MSDs are a central issue in the workplace worldwide, since a large number of physician visits are annually due to MSD - induced complaints (4). Furthermore, in the last decade, some research centers announced an estimate on the costs attributable to MSDs symptoms (e.g., the financial impositions related to workers’ lost wages, productivity, and compensations) as US$50 billion every year (5). MSDs consequences seem to be an important risk to quality of working life over a vast range of workplaces and industrial organizations (6).

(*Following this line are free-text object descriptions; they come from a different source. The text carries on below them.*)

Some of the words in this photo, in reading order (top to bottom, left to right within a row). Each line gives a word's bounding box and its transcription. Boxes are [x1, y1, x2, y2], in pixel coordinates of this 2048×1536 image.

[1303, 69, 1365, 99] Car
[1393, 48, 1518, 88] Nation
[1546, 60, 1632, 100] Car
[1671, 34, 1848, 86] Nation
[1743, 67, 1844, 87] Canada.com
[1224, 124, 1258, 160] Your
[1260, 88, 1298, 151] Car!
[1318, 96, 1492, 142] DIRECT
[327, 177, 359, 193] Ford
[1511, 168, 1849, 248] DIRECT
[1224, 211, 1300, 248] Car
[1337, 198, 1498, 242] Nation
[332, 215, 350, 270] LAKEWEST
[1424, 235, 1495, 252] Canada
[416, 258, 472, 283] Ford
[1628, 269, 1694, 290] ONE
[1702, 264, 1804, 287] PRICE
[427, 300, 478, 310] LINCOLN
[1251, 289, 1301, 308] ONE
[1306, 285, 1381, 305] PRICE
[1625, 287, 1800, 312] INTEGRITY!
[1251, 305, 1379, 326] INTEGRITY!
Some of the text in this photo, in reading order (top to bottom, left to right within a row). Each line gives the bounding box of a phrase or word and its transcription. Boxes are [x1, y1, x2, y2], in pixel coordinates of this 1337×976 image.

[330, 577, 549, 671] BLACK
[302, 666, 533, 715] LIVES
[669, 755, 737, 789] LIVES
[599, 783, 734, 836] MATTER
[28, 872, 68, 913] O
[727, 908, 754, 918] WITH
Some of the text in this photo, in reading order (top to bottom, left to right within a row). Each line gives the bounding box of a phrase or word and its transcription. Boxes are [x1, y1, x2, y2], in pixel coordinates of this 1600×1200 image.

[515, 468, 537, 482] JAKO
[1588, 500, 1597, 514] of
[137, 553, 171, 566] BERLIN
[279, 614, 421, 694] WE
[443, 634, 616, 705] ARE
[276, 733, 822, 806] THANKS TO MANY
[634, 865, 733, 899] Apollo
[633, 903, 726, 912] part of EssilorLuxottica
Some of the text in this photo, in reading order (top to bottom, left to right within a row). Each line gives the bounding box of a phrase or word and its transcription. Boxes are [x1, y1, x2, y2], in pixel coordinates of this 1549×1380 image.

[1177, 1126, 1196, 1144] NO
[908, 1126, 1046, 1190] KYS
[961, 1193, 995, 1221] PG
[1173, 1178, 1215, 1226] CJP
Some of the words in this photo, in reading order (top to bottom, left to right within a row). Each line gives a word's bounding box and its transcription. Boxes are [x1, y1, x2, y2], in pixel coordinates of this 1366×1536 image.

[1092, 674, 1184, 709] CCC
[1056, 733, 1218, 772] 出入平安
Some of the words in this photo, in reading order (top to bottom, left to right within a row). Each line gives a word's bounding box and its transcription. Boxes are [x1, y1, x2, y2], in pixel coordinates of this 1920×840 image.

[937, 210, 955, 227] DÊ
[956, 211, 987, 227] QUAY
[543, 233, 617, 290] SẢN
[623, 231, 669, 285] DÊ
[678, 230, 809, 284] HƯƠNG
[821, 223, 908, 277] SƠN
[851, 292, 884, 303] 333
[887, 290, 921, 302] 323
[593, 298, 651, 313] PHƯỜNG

On the other hand, organizations struggle to retain and enhance their resources continuously to survive and thrive in todays’ competitive arena. These resources that are mostly difficult to afford (e.g., human, financial, and technical) play outstanding roles in an organization destiny. Human resources of an organization, however, are known to be more important due to the capability of thinking and planning (7). Hence, the successful organizations are distinguished from the others through applying dynamic and effective leadership (8). Recently, remarkable attention is paid to leadership and it is regarded as the critical factor to lead to organizational effectiveness as much as 45% - 50% (9, 10). It is noteworthy that although leadership is known to be an issue of argument in the 21st century, no certain definition is agreed upon. According to the previous studies, leadership can be defined as a process of affecting people through stimulation, motivation, and recognition of employees to get work performed and achieved the preferred outcomes (10, 11).
Leaders adopt various leadership styles in order to motivate and stimulate the employees (12). The most common organizational leadership styles include:
a) Transformational leadership in which the leader makes a positive relationship with the followers and persuade them going beyond personal needs and working parallel to the values of the organization (13). Transformational leadership may be effective on diverse dimensions of the organization such as making a sense of responsibility among the personnel, decreasing job stress, increasing job satisfaction, and enhancing productivity. In this leadership style, managers believe that workforce goals and desires are as important as the production rate.
b) Transactional leadership through which a mutual leader - fellow relationship is presented. The leader with transactional leadership style is indeed concerned more with the achievement of targets and provides facilities and rewards for employees when completely performing their tasks (12).
c) Laissez fair is a leadership style with a negative relationship between the leader and the followers (14-16). Leaders, with this style, are mostly reluctant to provide feedback to their followers. They do not even try to meet the desires of their followers. The employees, therefore, are unsatisfied and unproductive in their works. The leaders with laissez fair style are mostly possible to be absent, irresponsible, and indifferent when following their personnel requests (17).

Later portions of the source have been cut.